NMR spectroscopy and structure calculations

The NMR sample was prepared by dissolving guavanin 2 in a micellar solution containing 100 mM of deuterated dodecylphosphocholine (DPC-d₃₈) and 5% D₂O at 1 mM concentration. The pH was adjusted to 4.0. All spectra were acquired at 25 °C on a Bruker Avance III 500 spectrometer equipped with a 5 mm triple resonance broadband inverse (TBI) probehead. Proton chemical shifts were referenced to sodium 2,2-dimethyl-2-silapentane-5-sulfonate (DSS) and water suppression was achieved using the pre-saturation technique. ¹H-¹H TOCSY experiment was recorded with 128 transients of 4096 data points, 256 t1 increments, and a spinlock mixing time of 80 ms. The ¹H-¹H NOESY was recorded with 64 transients of 4096 data points, 256 t1 increments, mixing time of 250 ms. Spectral width of 8012 Hz in both dimensions. ¹H-¹³C HSQC experiment was acquired with F1 and F2 spectral widths of 8012 and 25152 Hz, respectively, were collected 256 t1 increments with 96 transients of 4096 points for each free induction decay. The experiment was acquired in an edited mode. All NMR data were processed using NMRPIPE⁶¹ and analyzed with NMR View⁶².
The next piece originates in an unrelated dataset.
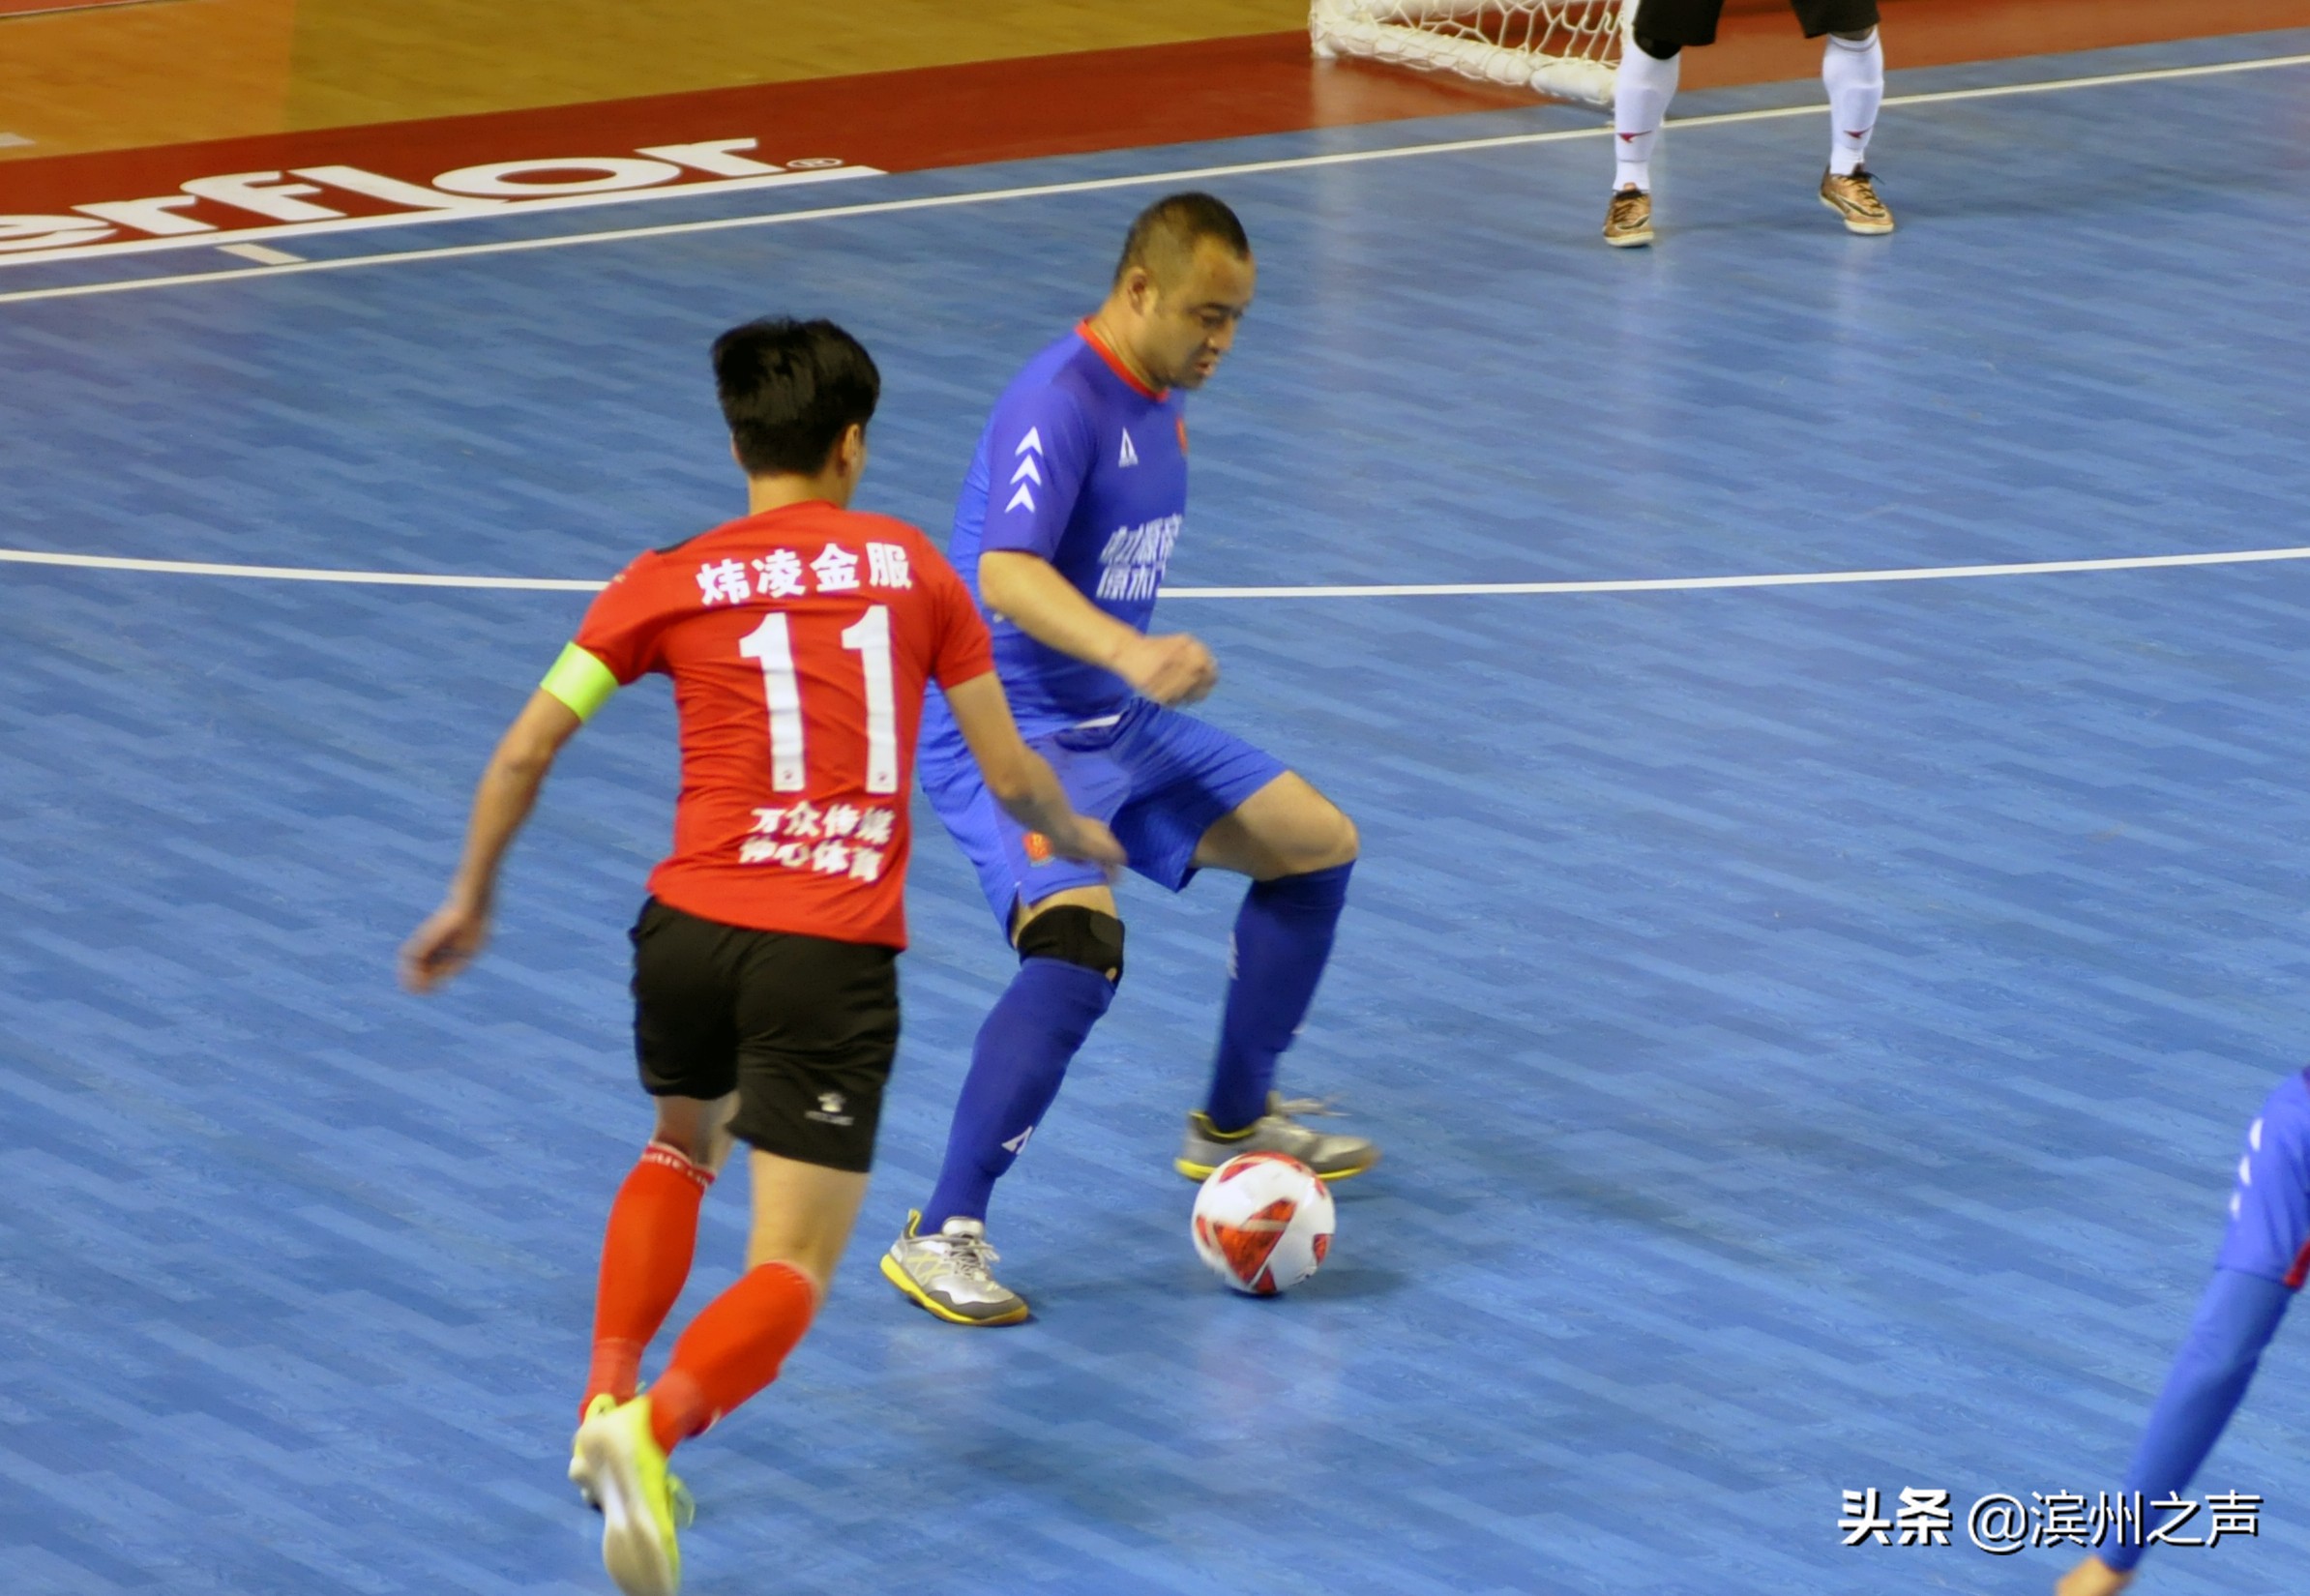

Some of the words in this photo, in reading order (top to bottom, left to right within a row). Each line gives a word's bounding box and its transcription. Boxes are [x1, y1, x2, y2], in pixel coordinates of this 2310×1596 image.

[695, 542, 913, 606] 炜凌金服
[738, 605, 899, 794] 11
The structure calculations were performed with the XPLOR-NIH version 2.28 software by simulated annealing (SA) algorithm⁶³. NOE intensities were converted into semi-quantitative distance restrains using the calibration by Hyberts et al.⁶⁴. The angle restraints of phi and psi of the protein backbone dihedral angles were predicted based on analysis of ¹H_α and ¹³C_α chemical shifts using the program TALOS+⁶⁵. Several cycles of XPLOR were performed using standard protocols. After each cycle rejected restraints, side-chain assignments, NOEs, and dihedral violations were analyzed. Two hundred structures were calculated, and among them, the 20 lowest energy structures were submitted to XPLOR-NIH water refinement protocol⁶³. The ensemble of the 10 lowest energy conformations was chosen to represent the solution structure ensemble of guavanin 2.

The restrictions used in structural calculations were analyzed by QUEEN program (Quantitative Evaluation of Experimental NMR Restraints). This program performs a quantitative assessment of the restrictions of the experimental NMR data. QUEEN checks and corrects possible assignments of errors by the analysis of the restrictions⁶⁶. The stereochemical quality of the lowest energy structures was analyzed by PROCHECK⁵⁰ and ProSA⁴⁹. PROCHECK was used in order to check stereochemical quality of protein structure through the Ramachandran plot, where good quality models are expected to have more than 90% of amino acid residues in most favored and additional allowed regions. ProSA indicates the fold quality by means of the Z-score. The display, analysis, and manipulation of the three-dimensional structures were performed with the program MOLMOL⁶⁷ and PyMOL (The PyMOL Molecular Graphics System, Version 1.8 Schrödinger, LLC).